Activity: Set down each record below precisely, skipping the pictures.

### Information given ###

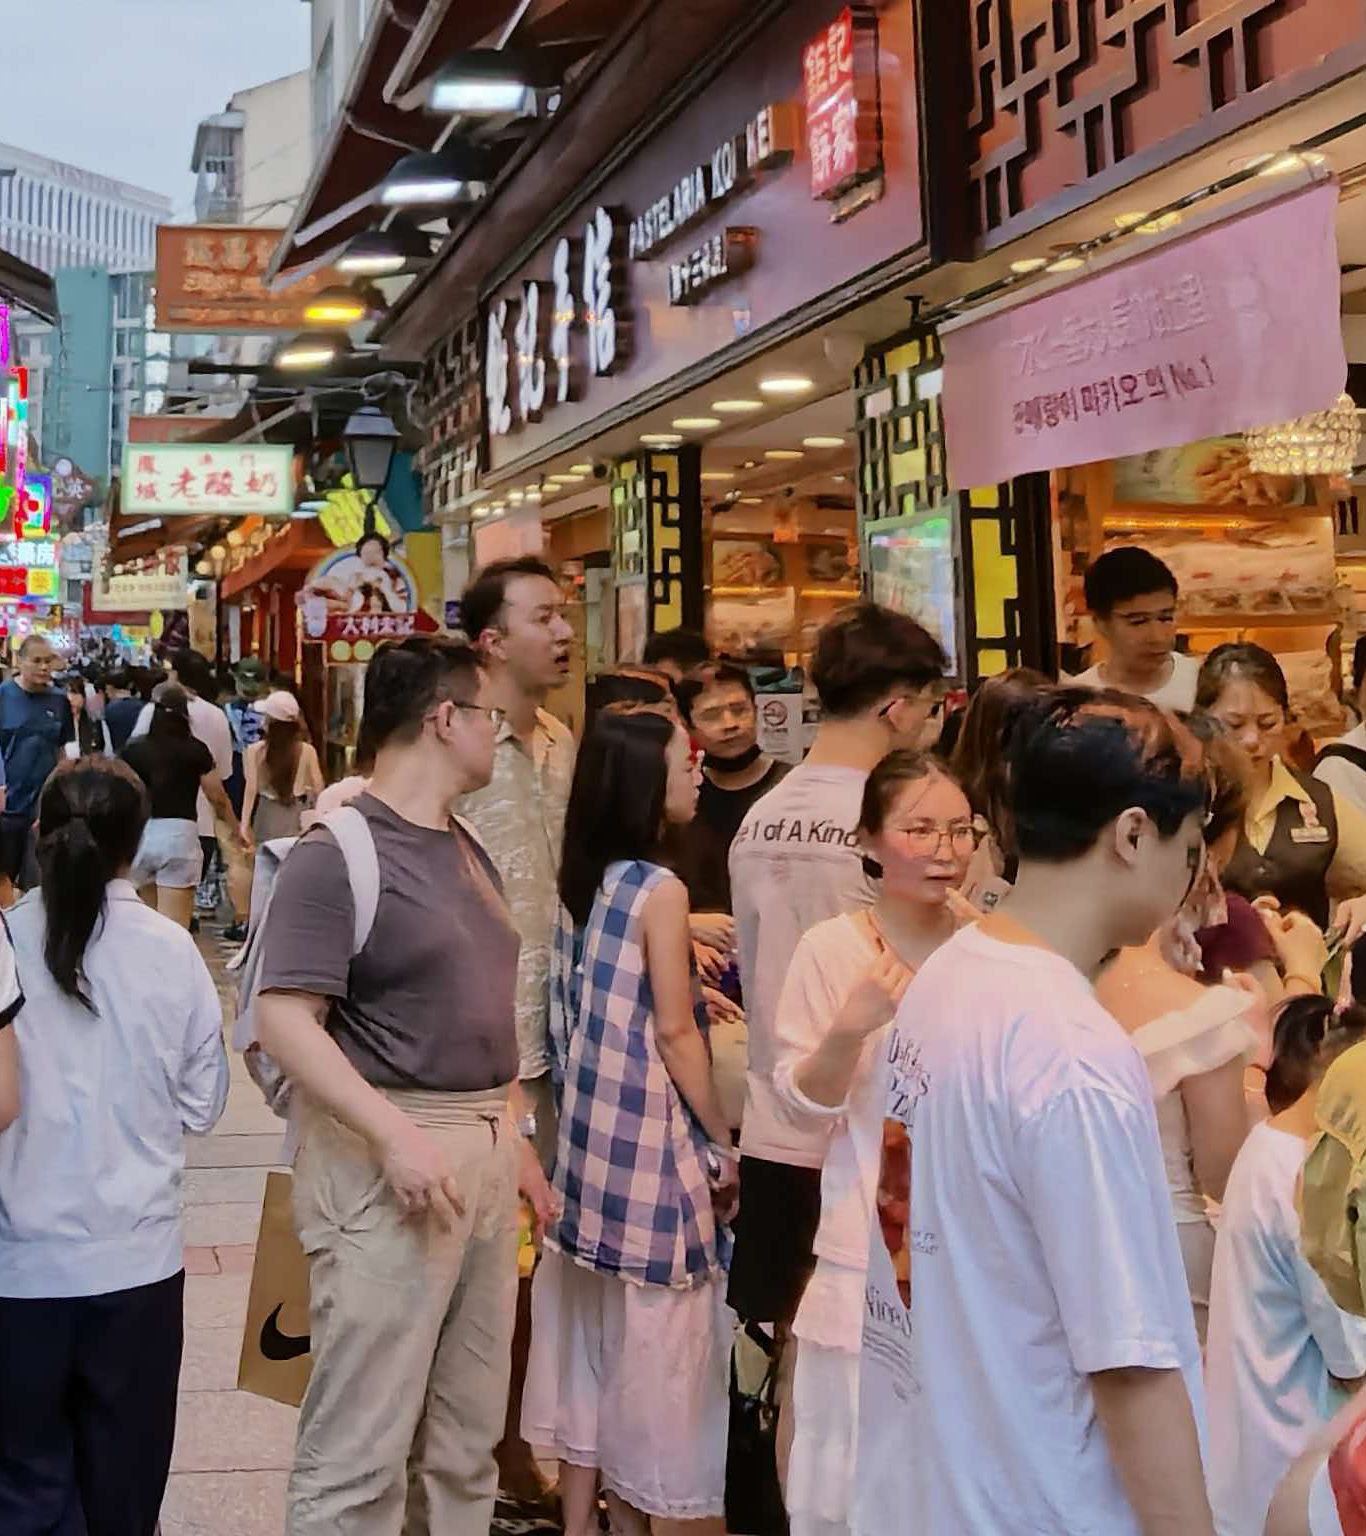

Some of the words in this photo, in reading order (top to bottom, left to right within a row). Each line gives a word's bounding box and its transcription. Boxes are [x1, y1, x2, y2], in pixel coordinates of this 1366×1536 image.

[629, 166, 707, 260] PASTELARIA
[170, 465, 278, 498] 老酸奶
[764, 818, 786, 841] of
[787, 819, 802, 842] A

###

Reply to the exercise:
Some of the words in this photo, in reading order (top to bottom, left to right within a row). Each line gives a word's bounding box and its transcription. Boxes are [x1, y1, x2, y2], in pixel coordinates of this 1366×1536 image.

[629, 166, 707, 260] PASTELARIA
[170, 465, 278, 498] 老酸奶
[764, 818, 786, 841] of
[787, 819, 802, 842] A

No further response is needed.